In un libro del mio scrittore preferito, Carlos Zafon, avevo letto che “Ogni libro, ogni volume che vedi possiede un'anima, l'anima di chi l'ha scritto e di coloro che l'hanno letto, di chi ha vissuto e di chi ha sognato grazie ad esso. Ogni volta che un libro cambia proprietario, ogni volta che un nuovo sguardo ne sfiora le pagine, il suo spirito acquista forza.” Ci piaceva pensare che leggendoli, o anche solo sfogliandoli, le loro anime diventassero più forti grazie a noi. Presi uno libro dall’aspetto antico da uno scaffale, che scoprì essere quello dei testi religiosi e, sotto lo sguardo divertito di Qemuel, che invece aveva preso un libro di favole, mi sedetti per terra a leggere. Lui si mise vicino a me, e non so come, dopo un po’ mi ritrovai appoggiata a lui. Mi faceva sentire al sicuro, anche solo essere poggiata a lui. Era come se, ovunque fossi, bastava sfiorarlo per sentirmi a casa. Iniziai la lettura avvolta dal suo dolce odore… Odorava di mare, di gioia, di serenità… Sembra strano, ma era questo ciò che mi trasmetteva il suo odore. Non so come, ma ad un certo punto mi addormentai. Mi risvegliai ore dopo, appoggiata sulle ginocchia di Qemuel, quando ormai erano le sette e la biblioteca stava per chiudere. Lo guardai ancora assonnata e lui mi restituì un occhiata divertita.

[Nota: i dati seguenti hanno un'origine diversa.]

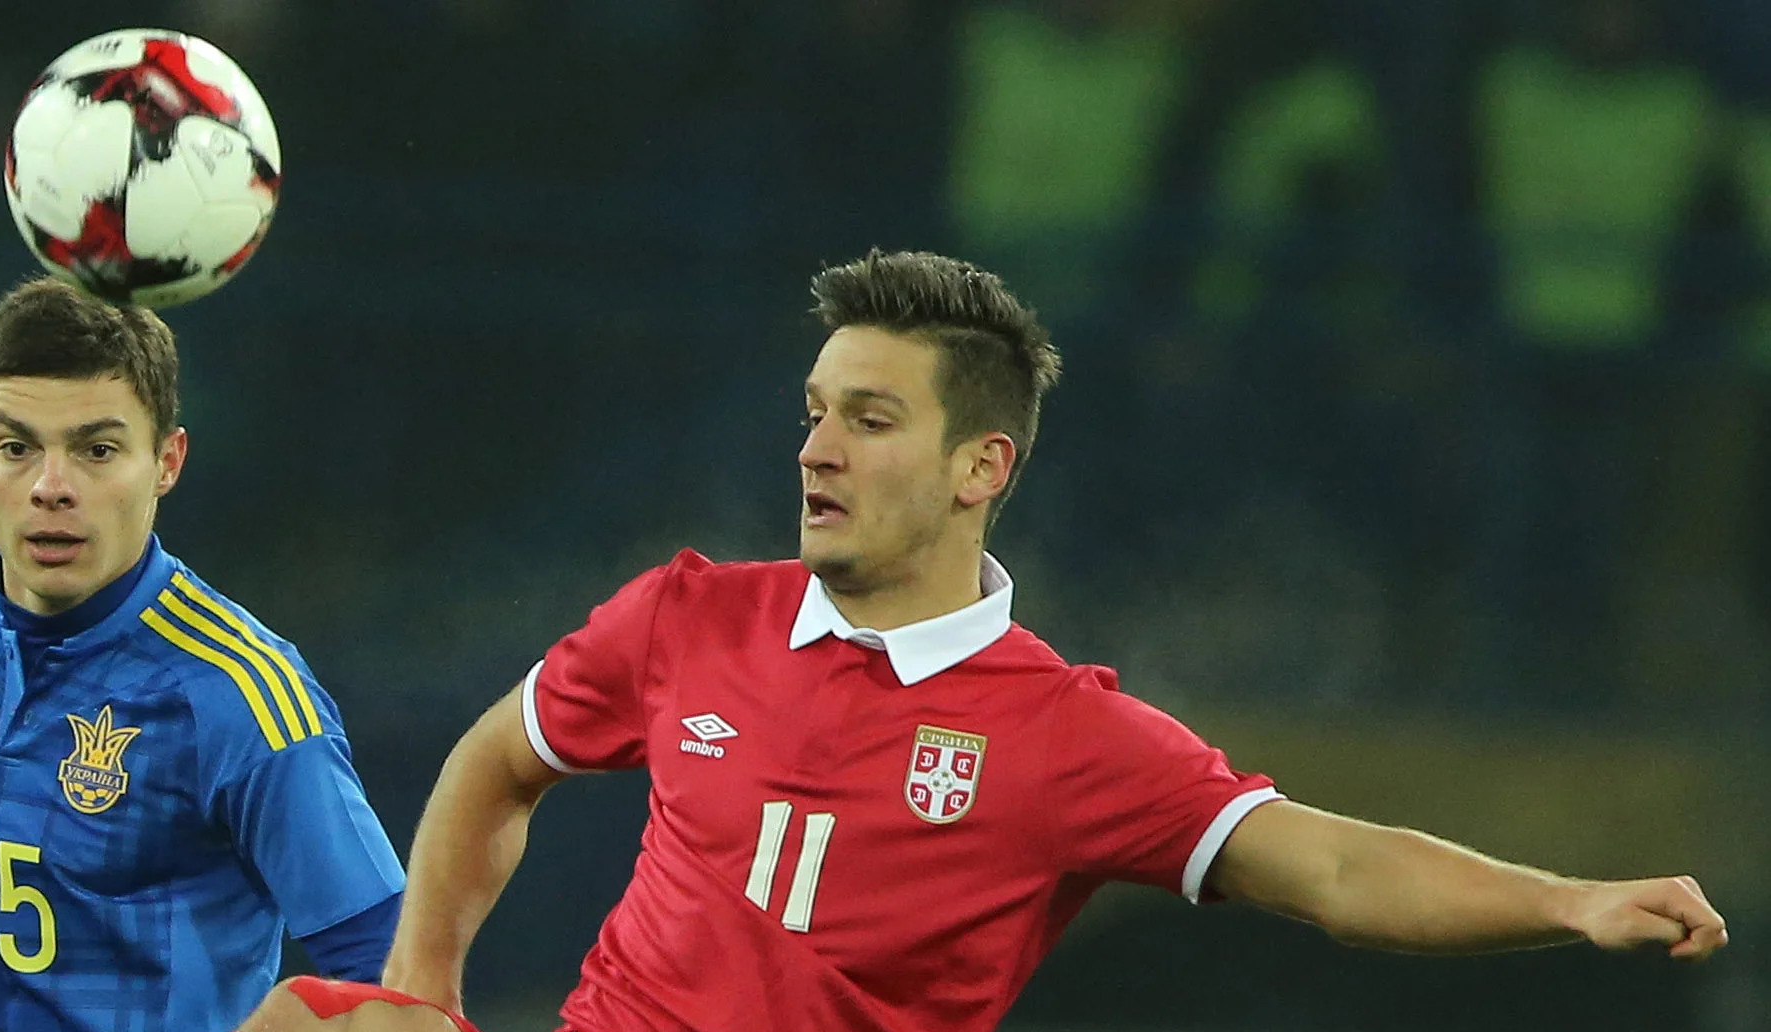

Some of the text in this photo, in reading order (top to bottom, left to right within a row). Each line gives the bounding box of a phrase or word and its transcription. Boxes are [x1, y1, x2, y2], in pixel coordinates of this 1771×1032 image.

[680, 739, 724, 758] umbro
[66, 765, 121, 788] УКРАЇНА
[744, 801, 836, 932] 11

- So che mi stavi sognando – disse lui malizioso – Spiega la bava.-
Appena capii dove mi trovassi, mi alzai imbarazzata e presi il libro.
– Non l’ho finito… Non l’ho nemmeno iniziato. – gli dissi arrabbiata con me stessa.Lui ridacchiò.
– Vorrà dire che dovrai fare i compiti a casa. - disse mentre posava il suo.
Per un istante sembrò sul punto di prendermi per mano, sentii le sue dita cercare le mie ma poi sembrò ripensarci. Segnai il libro sul registro e lo infilai nella borsa.
- Andiamo a prendere qualcosa al bar? – mi disse con un sorriso.
- Volentieri – risposi – ho proprio bisogno di un caffè.-
Prendemmo dei caffè da portare e delle ciambelle al cioccolato e poi andammo a sederci al parco. Parlammo di tante cose e quando tornai a casa ormai erano le 2 di notte passate. Andai nel bagno, accesi la doccia e lentamente mi spogliai. Prima di entrare nella doccia aspettai che si formasse una nube di vapore nel bagno, che appannò i vetri e gli specchi. Mi infilai sotto il getto dell’acqua calda, ripensando a quel pomeriggio con Qemuel… Non avevamo fatto niente di eccezionale eppure io mi sentivo.. Felice. È così che lui mi faceva sentire ed era una cosa nuova per me. Dopo un po’ chiusi il getto dell’acqua, mi avvolsi in un asciugamano e con i capelli ancora gocciolanti mi infilai sotto le coperte. Ma mi sentivo osservata, sapevo di non essere sola. E poi la sentii, quella ventata di profumo, del SUO profumo… Quella ventata di Black Orchid.